# DAY 2
### Defeating Word GOLF with Graph Search in $O(m+n)$ time


Reminder: Here are the rules of **Word Golf**.  You are given two words of equal length, and you must find a path between those two words by only changing a single letter at a time to create a path of **real words** from the first word to the second.

For example:  If you are given these two words: **CARS** and **DRAT**, you might find a path like this:

    CARS -> CART -> DART -> DAFT -> DEFT -> DEBT -> DEET -> BEET -> BEAT -> BRAT -> DRAT

### COPY your function from Day 1, Part 5 here to allow you to quickly load your text file into an Adjacency List dictionary 


In [1]:
# Function to load a text file into an adjecency list graph in the form of a dictionary

def load_graph(file = "4_letter_graph.txt"):
    '''
    Reads a file in and returns a graph in the form of an adjacency list dictionary
    inputs: file name
    outputs: the adjacency list dictionary

    '''
    letter_dict = {}
    with open(file, 'r') as f:
        for line in f:
            # make line a list and split the list into 2
            letter_dict[line.split()[0]] = line.split()[1::]
    return letter_dict



## Day 2:  Breadth First Search (DFS) to Defeat Word Golf

Today you will write a function that uses the Breadth First Search algorithm for exploring the graph of Scrabble Words Created on Day 1:

### We're going to do this in Three Parts

### Part 1: Searching the Graph


### Part 2: Finding how many hops or layers from start to end word


### Part 3: Solution: Finding the Path from Start Node to End Node


### Part 4:  Putting it all together to solve Word Golf


### Optional Additional Exploration

    1) Finding words with the longest path between them (and not shorter paths possible)
    2) Finding words that can not be reached



### Day 2, Part 1: Searching the Graph

Were going to using a new datastructure called a Queue for this function.  A Queue works on a First In First Out (FIFO) policy.  We could implement this with a list by removing items from the front of the list, and appending them to the end, but a list requires O(n) time to remove from the front, and a Queue can do this in O(1) time while still appending in O(1) time as well.

We'll use the deque class from the collections library like this:

```python
from collections import deque
```
Once you define a Queue, you'll use the `.append` and `.popleft` methods.  [See this page for more detail about using deque](https://www.geeksforgeeks.org/deque-in-python/)

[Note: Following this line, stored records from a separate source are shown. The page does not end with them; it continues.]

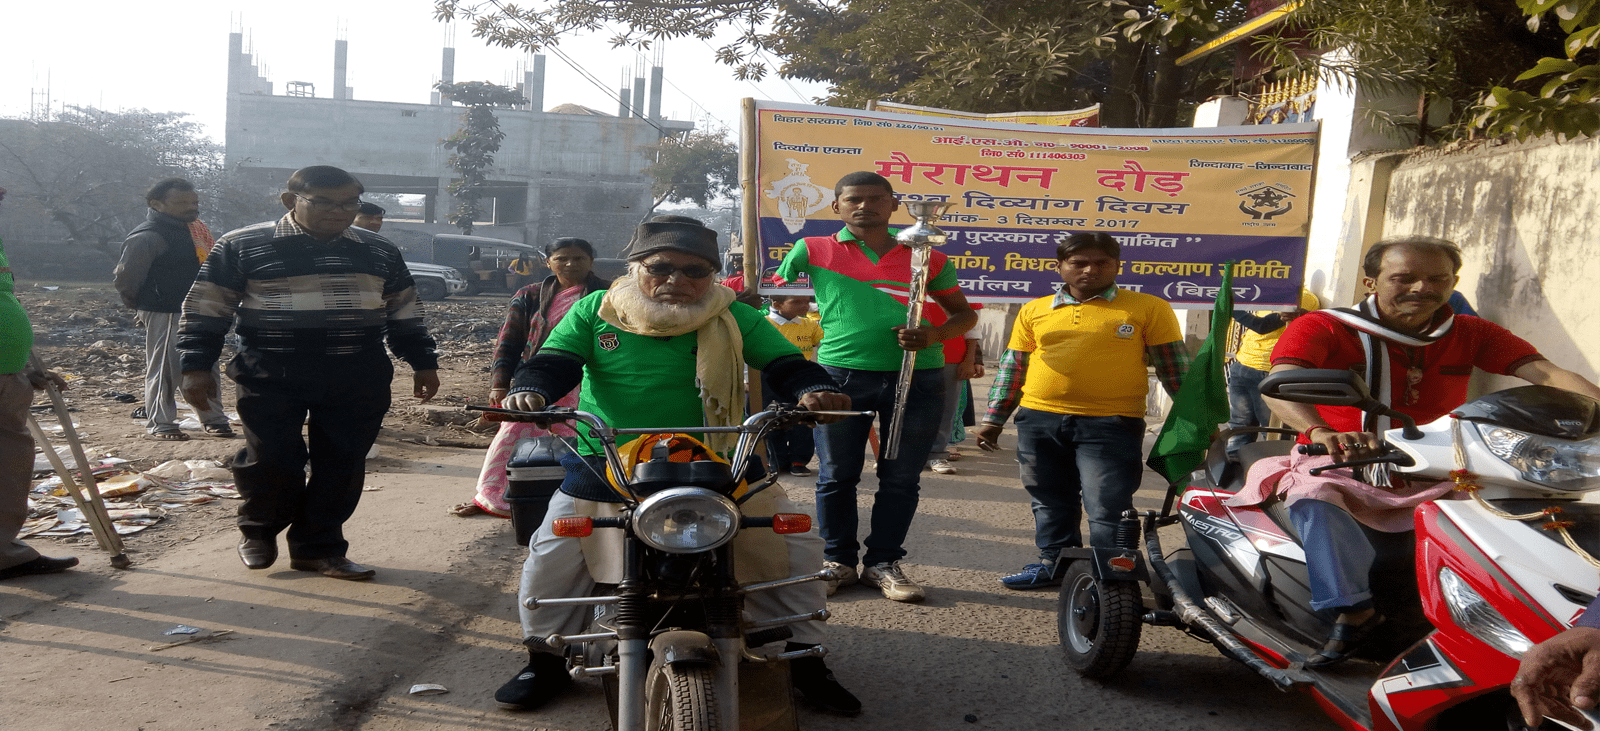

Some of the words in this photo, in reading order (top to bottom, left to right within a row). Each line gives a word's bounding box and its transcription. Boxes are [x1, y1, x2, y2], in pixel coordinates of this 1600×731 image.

[807, 116, 848, 126] सरकार
[773, 141, 819, 153] दिव्यांग
[822, 146, 862, 155] एकता
[1029, 152, 1086, 160] 111406303
[1189, 159, 1245, 169] जिन्दाबाद
[874, 151, 1058, 190] मैराथन
[1096, 160, 1190, 197] दौड़
[962, 190, 1085, 212] दिव्यांग
[1095, 195, 1191, 215] दिवस
[997, 216, 1008, 224] 3
[1016, 212, 1088, 227] दिसम्बर
[1095, 218, 1140, 229] 2017
[965, 230, 1050, 245] पुरस्कार
[1131, 260, 1213, 277] कल्याण
[1120, 325, 1133, 333] 23
[1180, 510, 1243, 540] MAESTRO
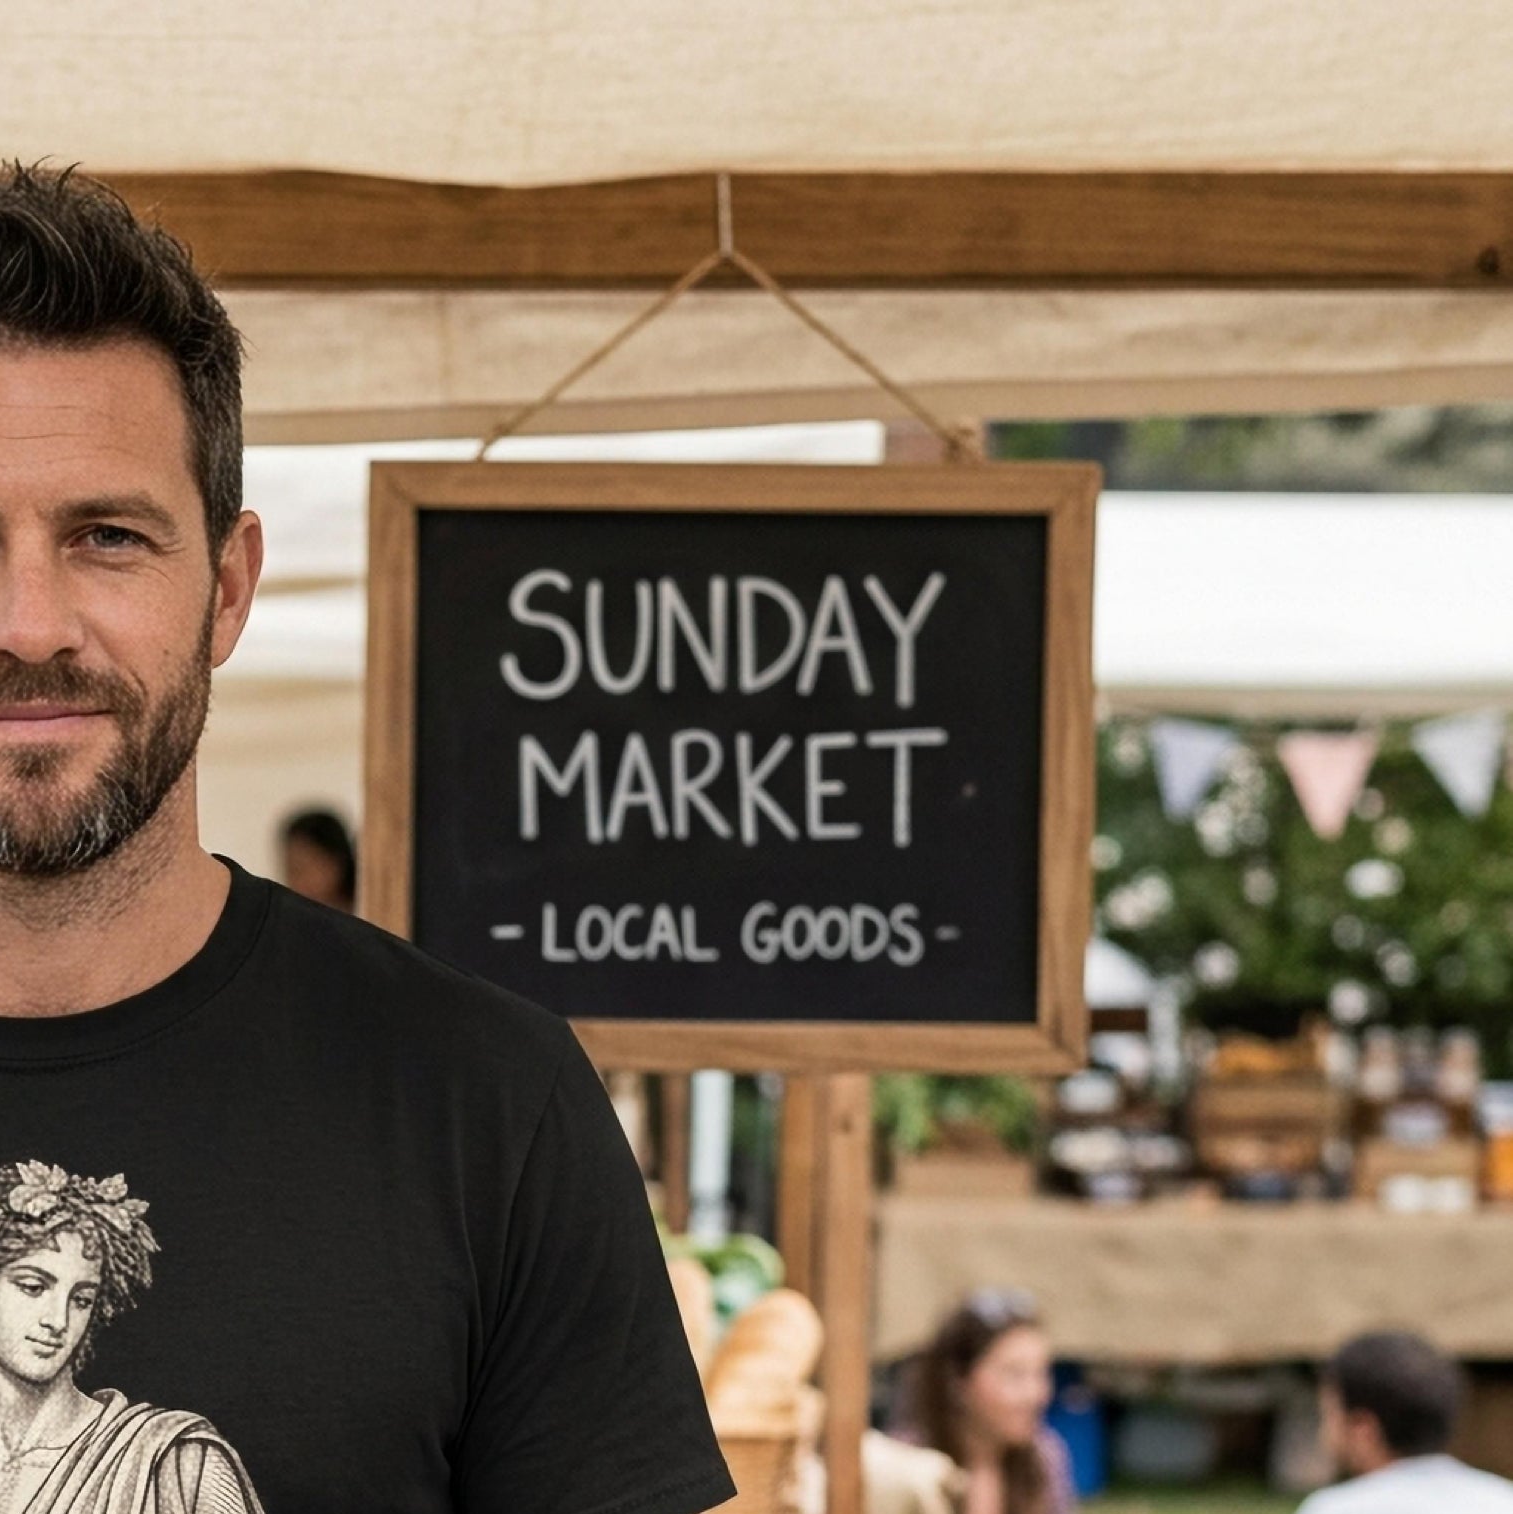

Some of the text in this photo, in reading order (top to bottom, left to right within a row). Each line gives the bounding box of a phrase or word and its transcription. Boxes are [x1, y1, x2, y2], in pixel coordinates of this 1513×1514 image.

In addition, we'll be using a data structure called a SET to keep track of explored nodes.  A set can be initialized like this:
```python
E = set() # initialized empty set of explored nodes
# or
E = {s} # initialized set of explored nodes with the start node
```

Look-ups like ```'s' in E``` with a Set can be done in O(1) time, so they are very efficient to use when you need to do frequent fast lookups.  To add to a Set, you use the .add method instead of .append as you would do with a list.


For this part, you just want to successfully search through all the nodes you can reach given a single starting point.  You will simply return a set of all the nodes that can be reached from that given starting point.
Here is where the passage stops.